Azerbaijan should be declared an “inactive” member of the Open Government Partnership, an OGP subcommittee has recommended.
Such a designation would be the first time the OGP has disciplined a member for not adhering to OGP principles. The recommendation will be taken up by the OGP Steering Committee May 3-4, according to the minutes of the Criteria and Standards Subcommittee’s Feb. 23-24 meeting posted on the OGP website.
The Azerbaijan government is making it “difficult if not impossible” for nongovernmental organizations to operate, the subcommittee concluded, its findings described in an annex to the minutes.
“Such constraints are evident in the laws on grants, non-governmental organizations, and registration of legal entities and state registry, and the Code on Administrative Offenses; the freezing of bank accounts of some NGOs promoting open government; and the incarceration of NGO activists and journalists promoting open government,” the minutes state. NGOs filed their complaint about Azerbaijan in early March of 2015, triggering the OGP’s “response policy.”
The response policy, which some critics have called too slow, is being reviewed, the minutes note, without providing details of recommendations presented at the meeting.
Complaints About Hungary Under Review
Similar NGO complaints that the Hungarian government is restricting civil society remain under consideration.
The preparation of an evaluation document is continuing, the minutes indicate. The complaints about Hungary were lodged in July 2015. (See previous FreedomInfo.org report.)
The evaluation will be sent to the groups who filed the complaint and to the government in mid-March, according to the minutes.
Turkey’s Status Questionable
The subcommittee also discussed the status of five countries that missed deadlines to prepare national action plans, the key document through which the 69 OGP member countries make their commitments to open government.
Of the five, only Turkey still seems to be an uncertain member, but the subcommittee prescribed diplomatic outreach.
Four countries – Australia, Kenya, Malawi and Montenegro – all made pledges to prepare action plans in the coming months. Their promises are described in the minutes.
Turkey has failed to produce action plans in 2014 and 2015 and the government has not assigned a lead ministry or official point of contact, the minutes say.
Still, subcommittee agreed to ask the OGP co-chairs and other Steering Committee members “to invest political and diplomatic capacity to make a final outreach to Turkey to reengage in OGP prior to the Ministerial level Steering Committee meeting in South Africa on May 3-4th, 2016.”
If no response is received before the Steering Committee meeting, the subcommittee decided, it would then make a recommendation that Turkey be considered inactive.
Consultation Guidelines Discussed
The subcommittee received “a series of broad recommendations on how civil society participation requirements could be updated,” the minutes state, and agreed to discuss the topic again in May.
The recommendations have not been released.
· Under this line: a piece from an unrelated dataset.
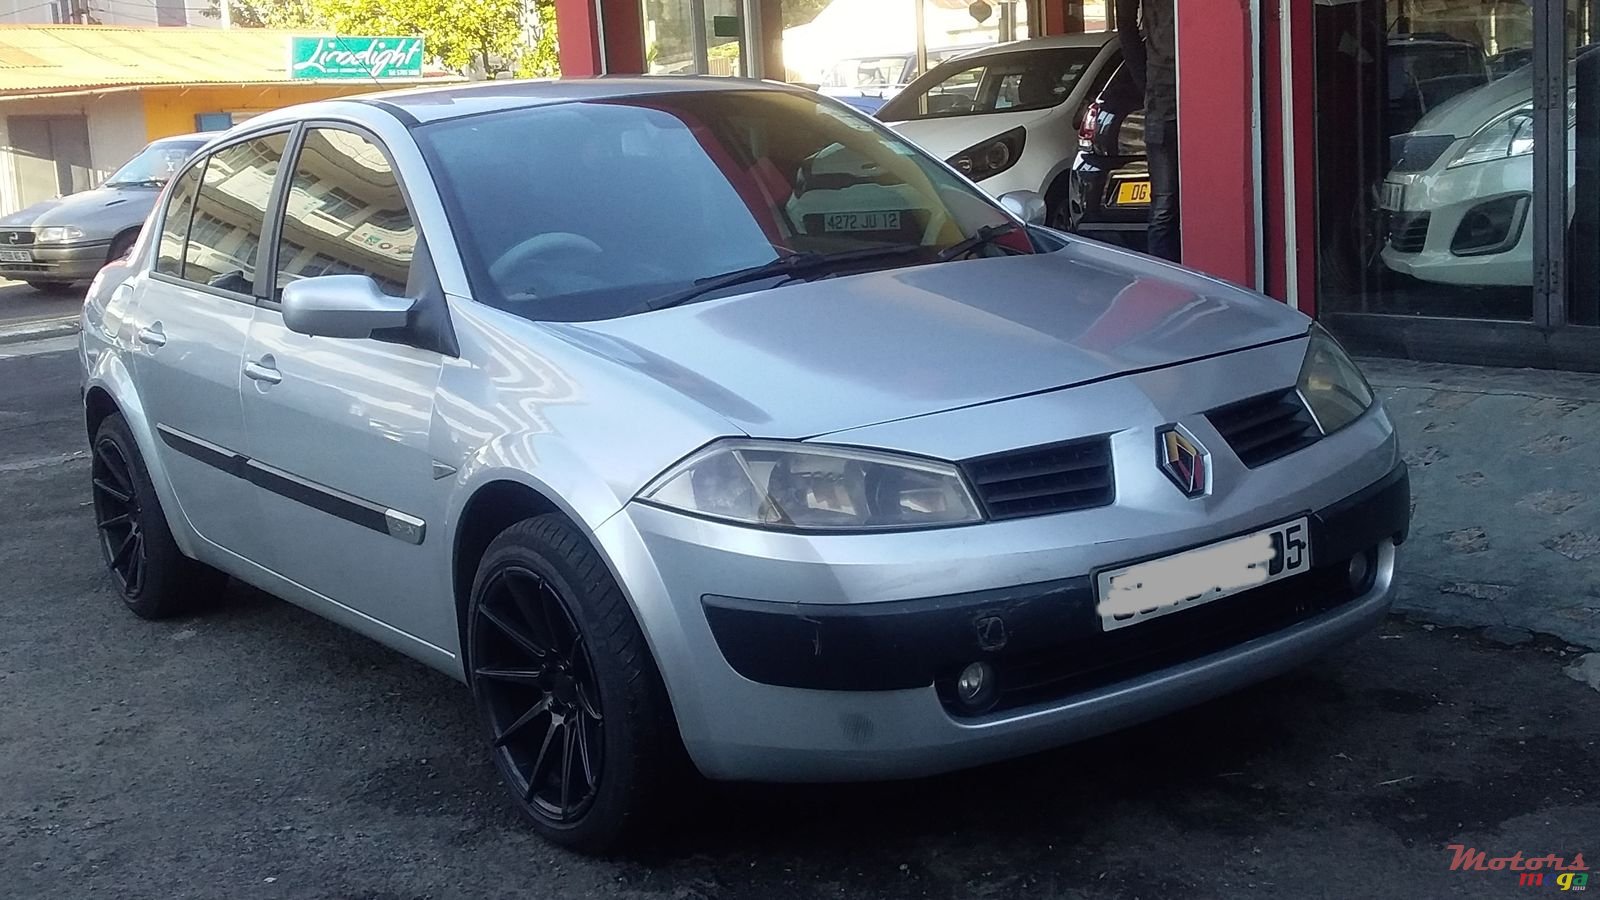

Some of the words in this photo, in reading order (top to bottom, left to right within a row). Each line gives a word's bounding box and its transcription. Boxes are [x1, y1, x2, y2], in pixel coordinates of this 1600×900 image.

[827, 214, 857, 230] 4272
[861, 213, 877, 228] JU
[883, 212, 897, 228] 12
The minutes describe them generally:
This would include changes to the rules that encourage high-quality dialogues with robust, open and inclusive participation, and providing feedback and seriously considering inclusion of proposals from civil society organizations.
“The subcommittee decided that there should be a review of the existing consultation guidelines – and a decision taken by the Steering Committee on updating them – in time to inform the development of action plans in 2017,” according to the minutes.